Entente de réassurance

Dans son rapport annuel, Transamerica indique avoir mis en œuvre des programmes de couverture du risque pour ses fonds distincts TRANSecurité et Fonds distincts de sociétés associées. En outre, Transamerica a conclu une entente de réassurance pour ses affaires en vigueur, ce qui a réduit considérablement le capital requis pour ses réserves. Pendant l'année 2008, la compagnie a reçu des injections de capitaux totalisant 430 M$. Ces injections, combinées aux initiatives de couverture du risque et de réassurance mises en œuvre en 2008, ont porté le ratio de solvabilité (MMPRCE) à 191 %, ce qui dépasse le ratio idéal de 150 % fixé par le Bureau du surintendant des institutions financières.

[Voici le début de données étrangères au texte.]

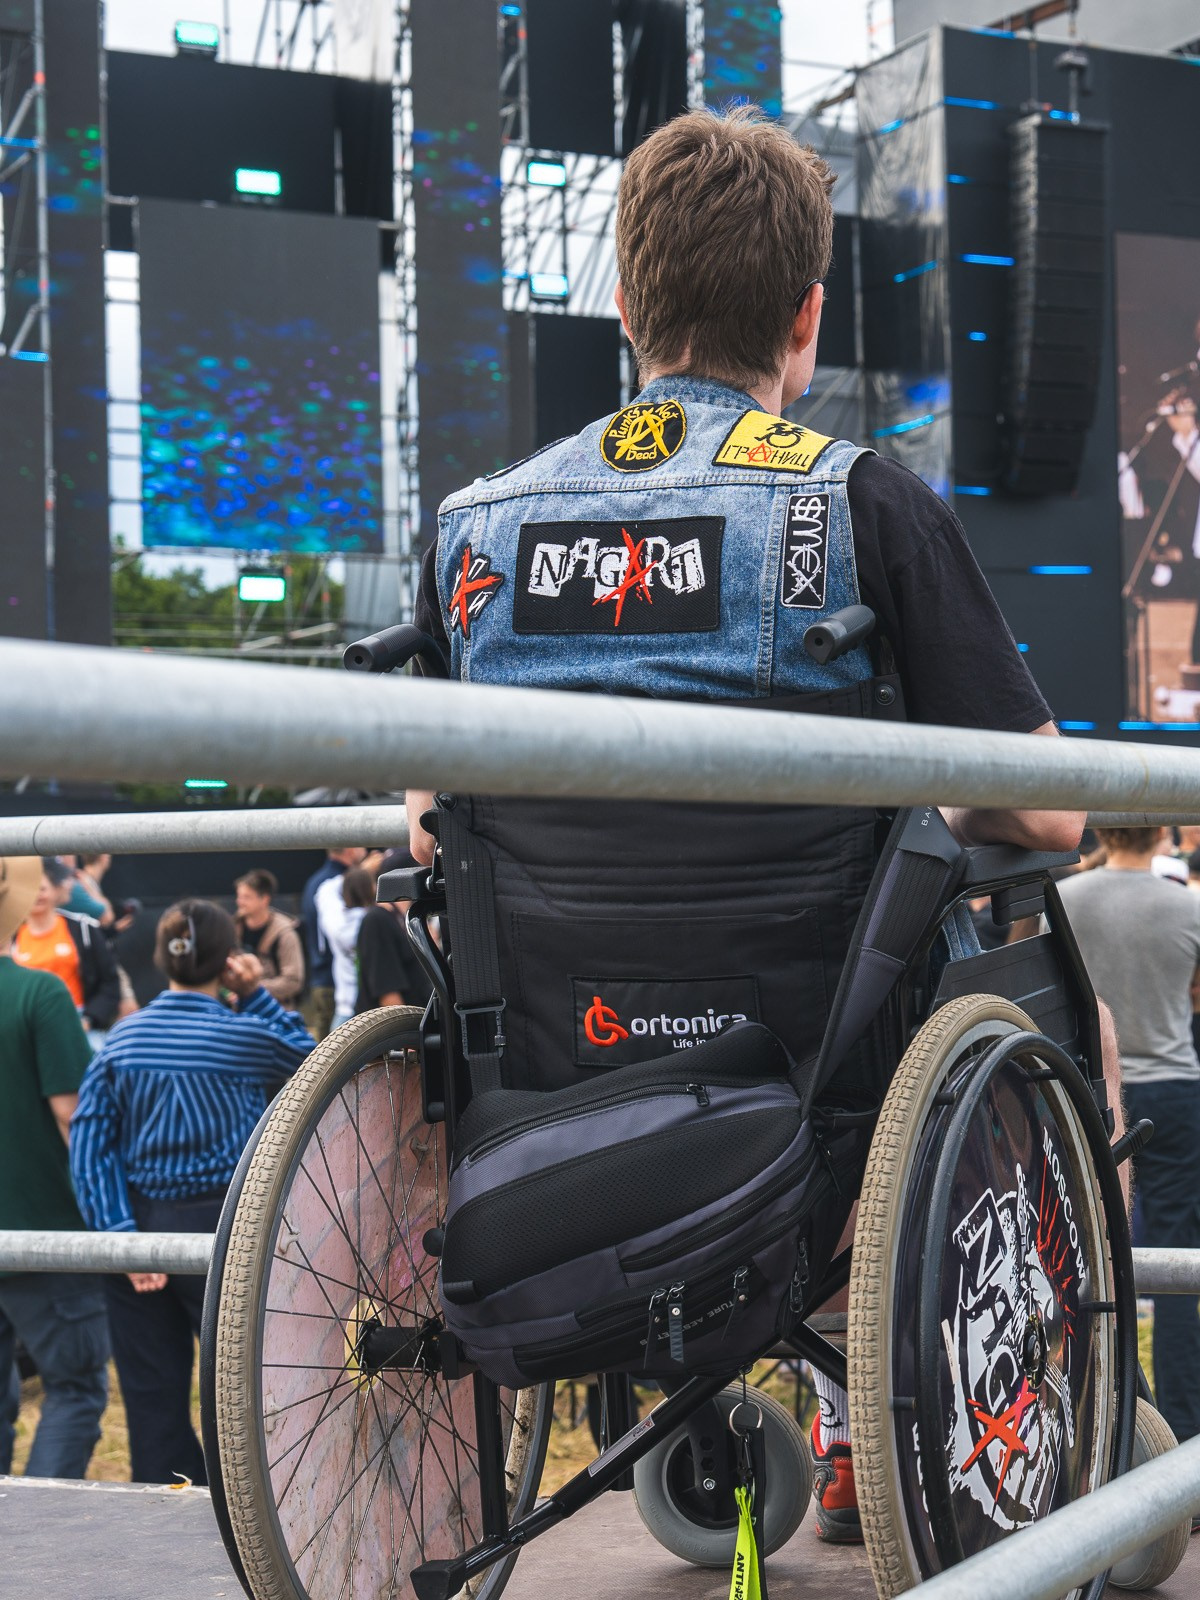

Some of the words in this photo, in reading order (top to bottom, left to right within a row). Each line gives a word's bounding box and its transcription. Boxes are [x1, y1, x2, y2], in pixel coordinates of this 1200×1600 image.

Dans un discours, Donald Guloien, président et directeur général de la Financière Manuvie, qualifie l'année 2008 de véritable chemin de croix et estime que Manuvie a passé le test. « Tandis que l'assureur était secoué par les forces de la crise économique mondiale, nos titulaires de police et les autres clients n'ont jamais eu de raisons de craindre que Manuvie ne tienne ses promesses à leur égard », dit-il.

Aide gouvernementale

D'autres multinationales ne peuvent en dire autant et doivent demander l'aide du gouvernement, ajoute-t-il. Il attribue à la solidité financière et la bonne cote de crédit de Manuvie le fait que la compagnie ait réussi à puiser aisément et à coût raisonnable dans les marchés financiers. « De nombreuses institutions financières ne peuvent accéder aux marchés financiers, ou le peuvent seulement à un coût exorbitant », dit M. Guloien.

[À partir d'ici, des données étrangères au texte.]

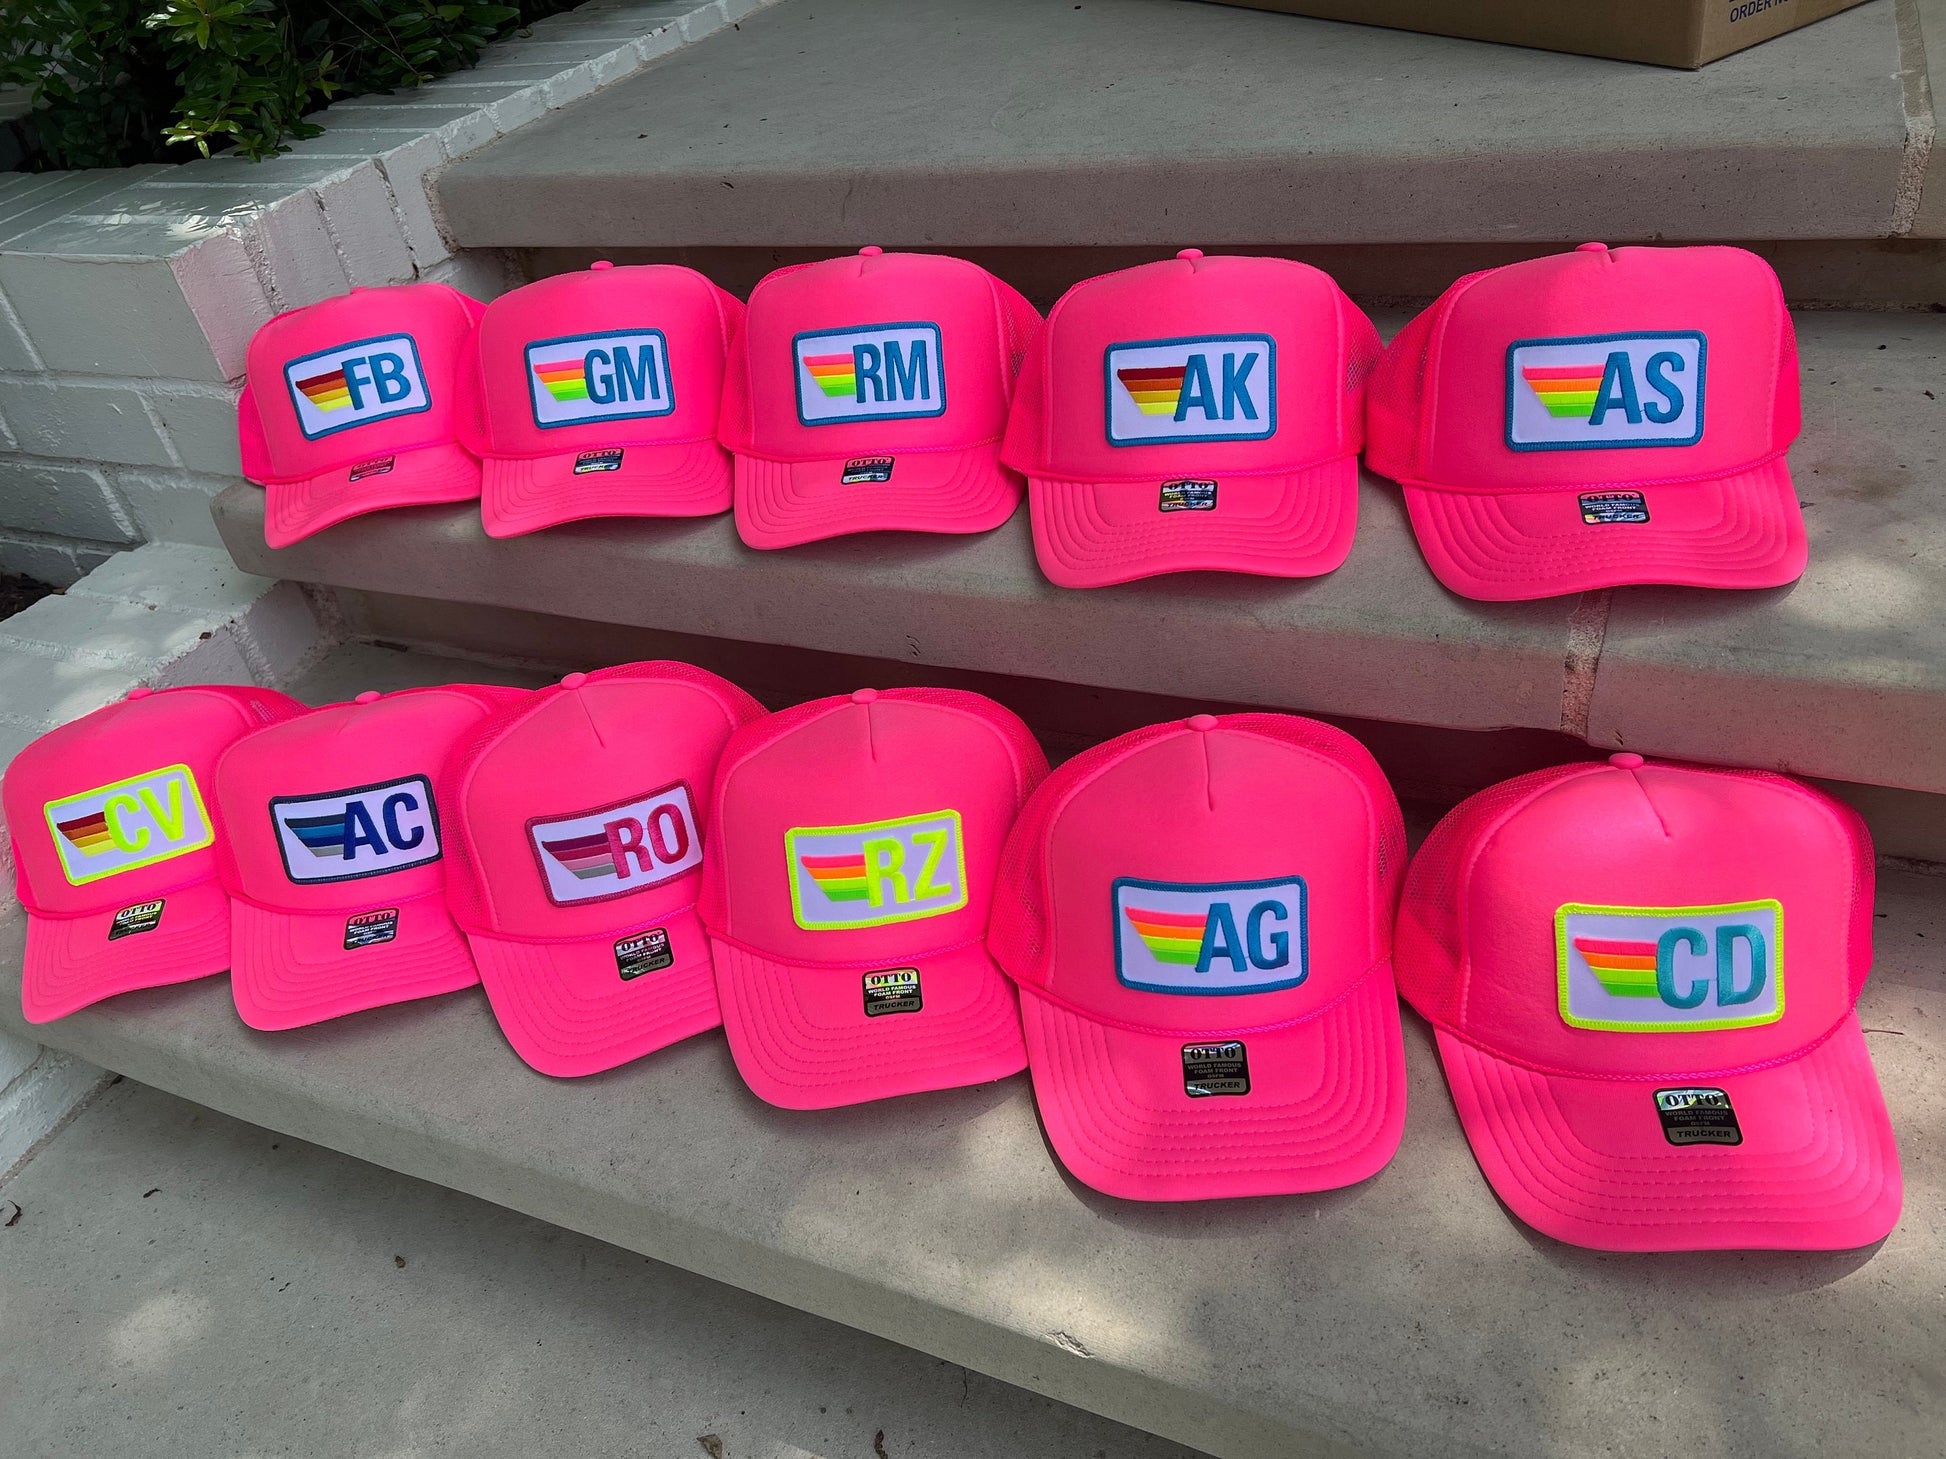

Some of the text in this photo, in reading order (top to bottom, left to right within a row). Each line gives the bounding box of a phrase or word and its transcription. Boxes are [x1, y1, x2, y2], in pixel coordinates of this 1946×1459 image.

[1730, 0, 1771, 22] ORDER
[341, 352, 412, 410] FB
[584, 344, 660, 404] GM
[853, 340, 930, 403] RM
[1174, 352, 1260, 422] AK
[1588, 351, 1685, 425] AS
[103, 779, 185, 853] CV
[343, 792, 425, 860] AC
[603, 803, 690, 880] RO
[862, 828, 952, 908] RZ
[121, 903, 156, 917] OTTO
[354, 912, 391, 925] OTTO
[1195, 900, 1290, 972] AG
[621, 934, 659, 951] OTTO
[1656, 924, 1767, 1009] CD
[871, 972, 911, 985] OTTO
[873, 1000, 915, 1011] TRUCKER
[1190, 1047, 1236, 1060] OTTO
[1194, 1081, 1240, 1090] TRUCKER
[1665, 1094, 1720, 1107] OTTO
[1677, 1130, 1731, 1138] TRUCKER

Parmi les points positifs soulignés par les assureurs canadiens dans leur rapport annuel de 2008 : un ratio de solvabilité élevé, des ventes prospères pour les produits d'assurance, notamment en temporaire, la croissance dans les activités à l'étranger et une démographie qui favorise l'assurance et les produits de retraite à revenus garantis. Plusieurs assureurs se disent par ailleurs bien placés pour tirer parti des possibilités d'acquisition au Canada et ailleurs dans le monde.

« Il y aura une vague de consolidation dans l'industrie. Nous prévoyons tirer avantage de cette tendance, » conclut M. Guloien.